■ YOUR OBJECTIVE ■
Output every line of the material exactly, omitting images.

■ DATASET ■
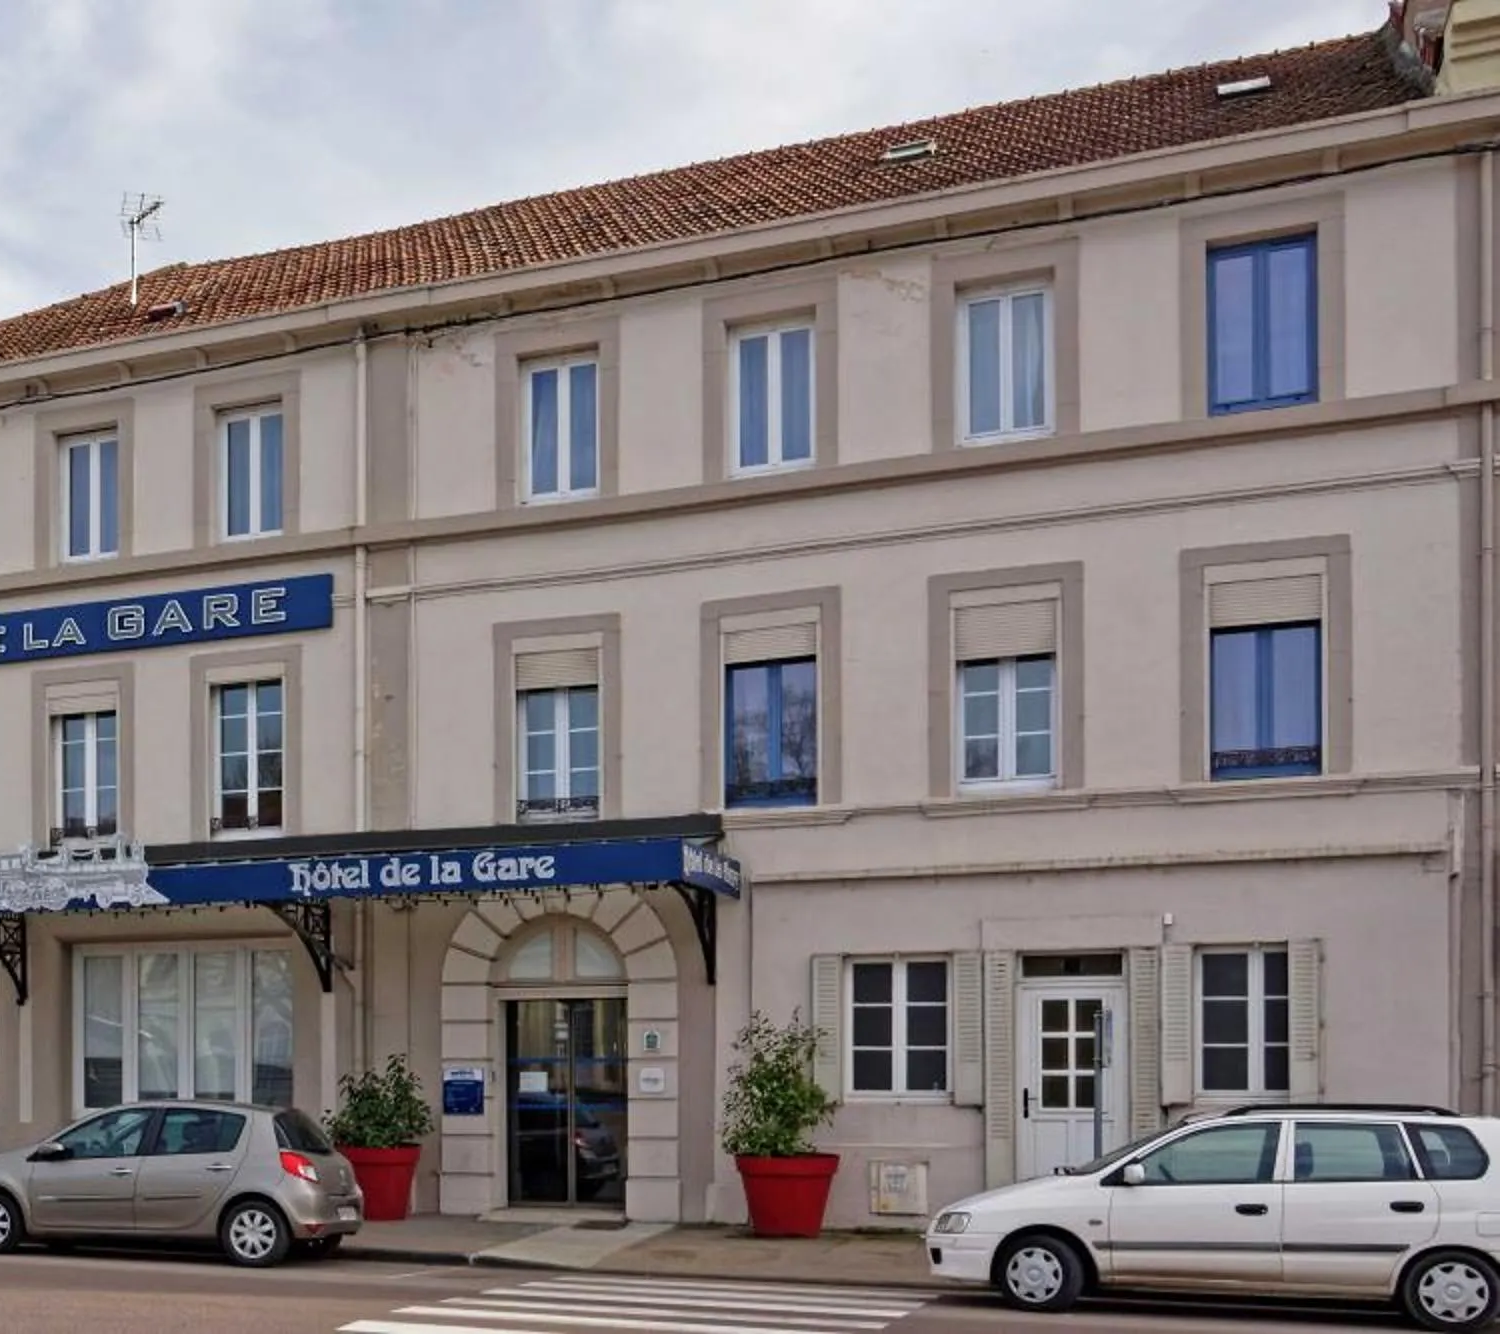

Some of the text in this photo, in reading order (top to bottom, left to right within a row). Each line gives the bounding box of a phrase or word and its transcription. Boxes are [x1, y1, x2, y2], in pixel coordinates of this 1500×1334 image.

[23, 618, 86, 650] LA
[107, 587, 287, 640] GARE
[288, 852, 556, 896] Hôtel de la Gare
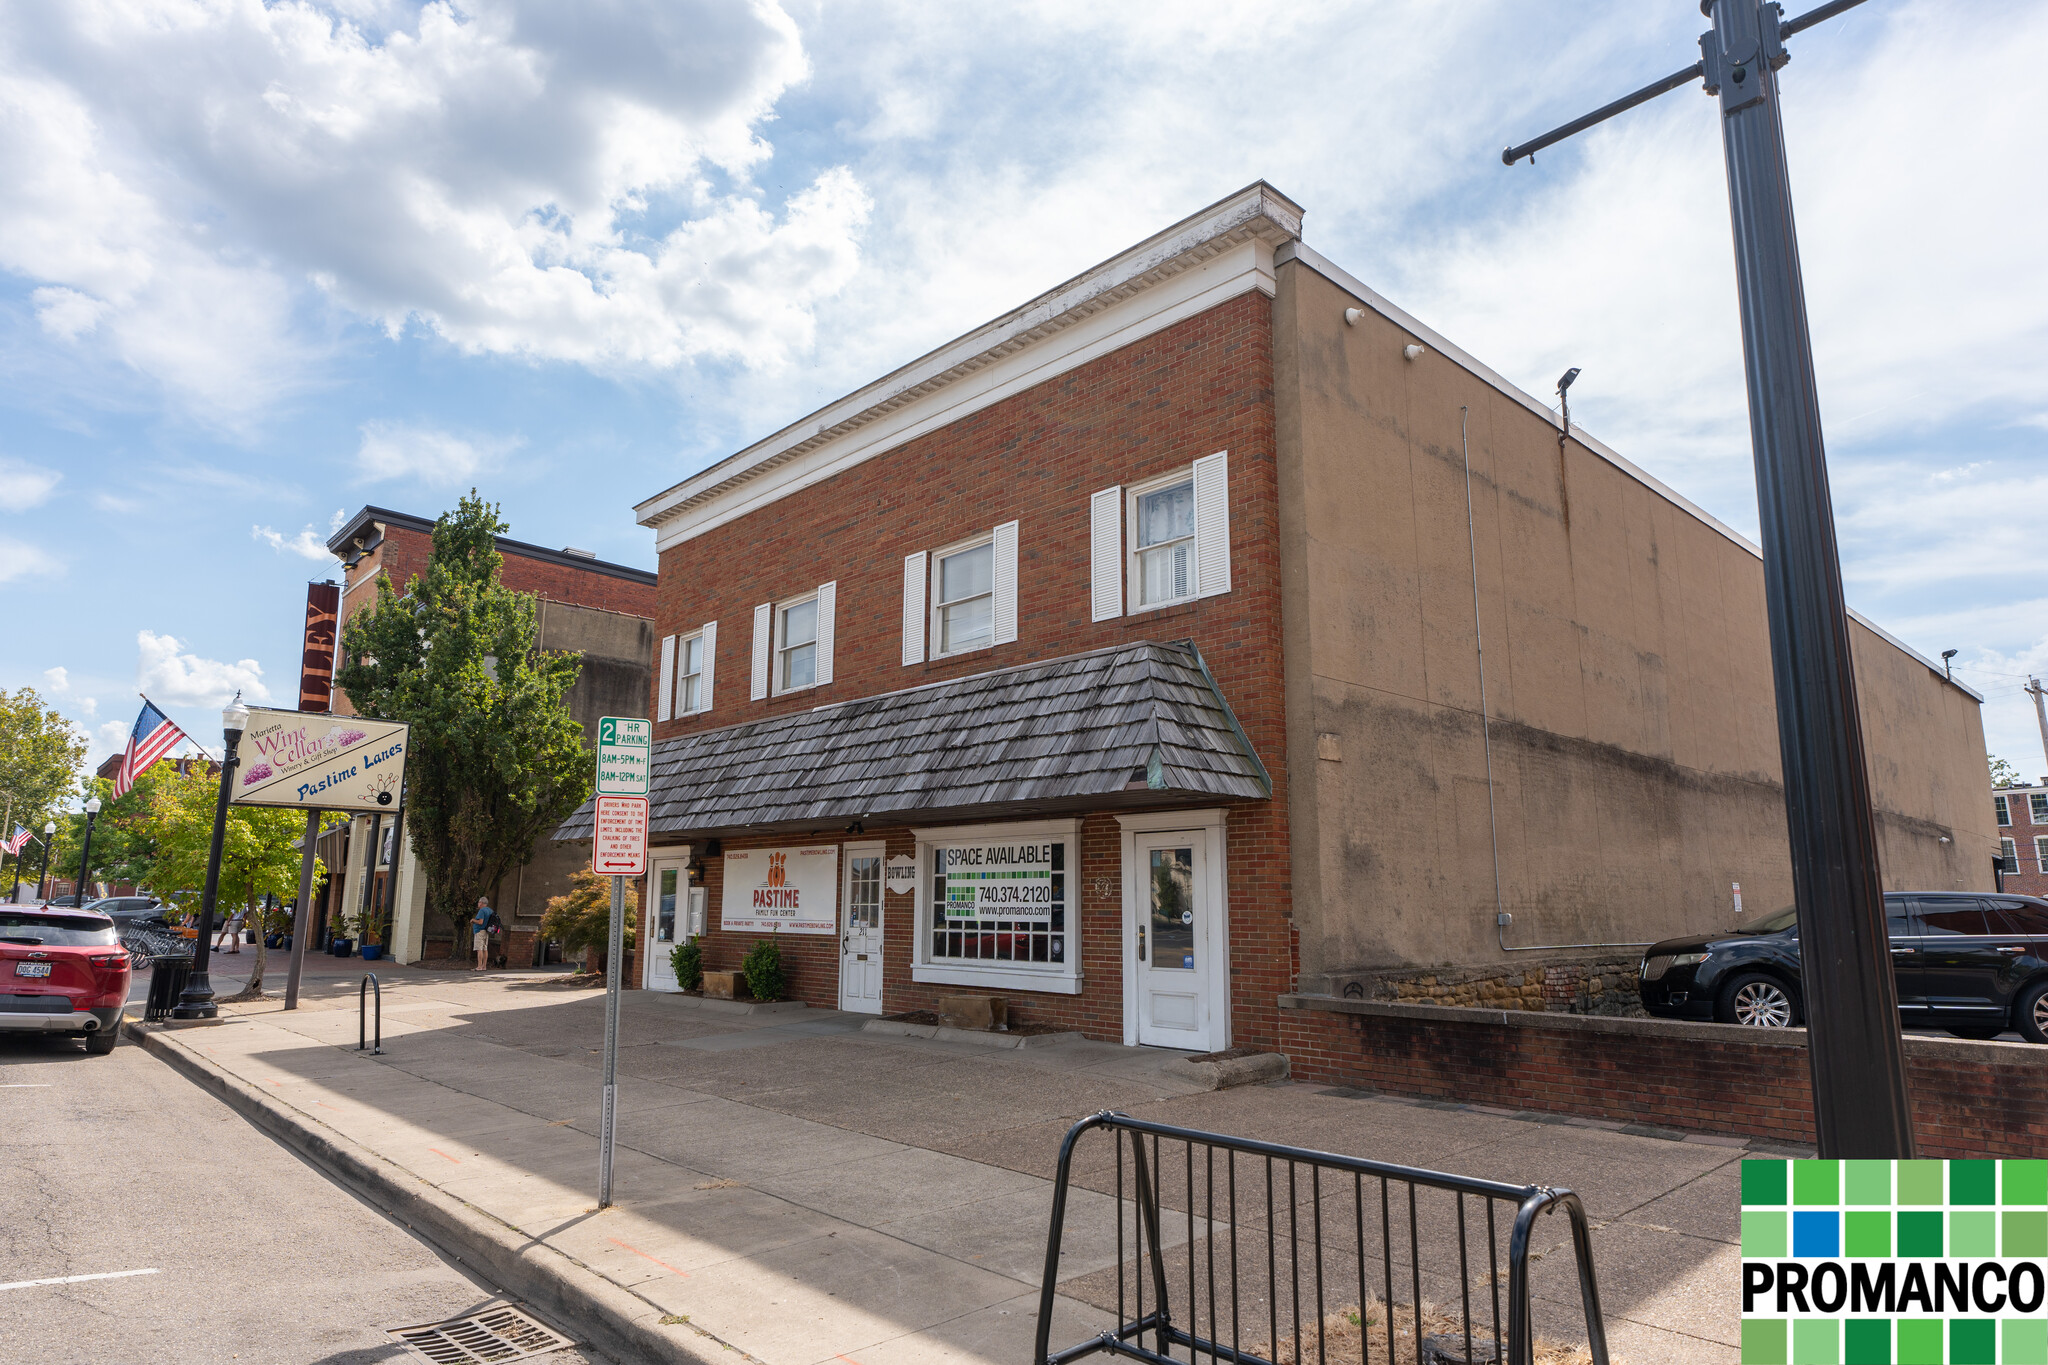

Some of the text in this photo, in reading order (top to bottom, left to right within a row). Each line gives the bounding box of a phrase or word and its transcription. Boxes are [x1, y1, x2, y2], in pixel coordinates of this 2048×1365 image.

[301, 601, 338, 711] LLEY
[250, 724, 282, 740] Marietta
[602, 723, 640, 741] 2 HR
[616, 734, 647, 745] PARKING
[255, 727, 306, 756] Wine
[273, 734, 334, 767] Cellars
[281, 761, 302, 774] Winery
[311, 752, 323, 763] Gift
[323, 747, 338, 757] Shop
[602, 754, 646, 765] 8AM-5PM M-F
[297, 743, 403, 801] Pastime Lanes
[601, 771, 635, 782] 8AM-12PM
[947, 844, 1050, 866] SPACE AVAILABLE
[887, 866, 916, 879] BOWLING
[753, 889, 800, 908] PASTIME
[979, 886, 1050, 902] 740.374.2120
[770, 909, 779, 917] FUN
[946, 901, 975, 909] PROMANCO
[979, 906, 1051, 917] www.promanco.com

■ TASK RESPONSE ■
Some of the text in this photo, in reading order (top to bottom, left to right within a row). Each line gives the bounding box of a phrase or word and its transcription. Boxes are [x1, y1, x2, y2], in pixel coordinates of this 1500×1334 image.

[23, 618, 86, 650] LA
[107, 587, 287, 640] GARE
[288, 852, 556, 896] Hôtel de la Gare

Some of the text in this photo, in reading order (top to bottom, left to right within a row). Each line gives the bounding box of a phrase or word and its transcription. Boxes are [x1, y1, x2, y2], in pixel coordinates of this 2048×1365 image.

[301, 601, 338, 711] LLEY
[250, 724, 282, 740] Marietta
[602, 723, 640, 741] 2 HR
[616, 734, 647, 745] PARKING
[255, 727, 306, 756] Wine
[273, 734, 334, 767] Cellars
[281, 761, 302, 774] Winery
[311, 752, 323, 763] Gift
[323, 747, 338, 757] Shop
[602, 754, 646, 765] 8AM-5PM M-F
[297, 743, 403, 801] Pastime Lanes
[601, 771, 635, 782] 8AM-12PM
[947, 844, 1050, 866] SPACE AVAILABLE
[887, 866, 916, 879] BOWLING
[753, 889, 800, 908] PASTIME
[979, 886, 1050, 902] 740.374.2120
[770, 909, 779, 917] FUN
[946, 901, 975, 909] PROMANCO
[979, 906, 1051, 917] www.promanco.com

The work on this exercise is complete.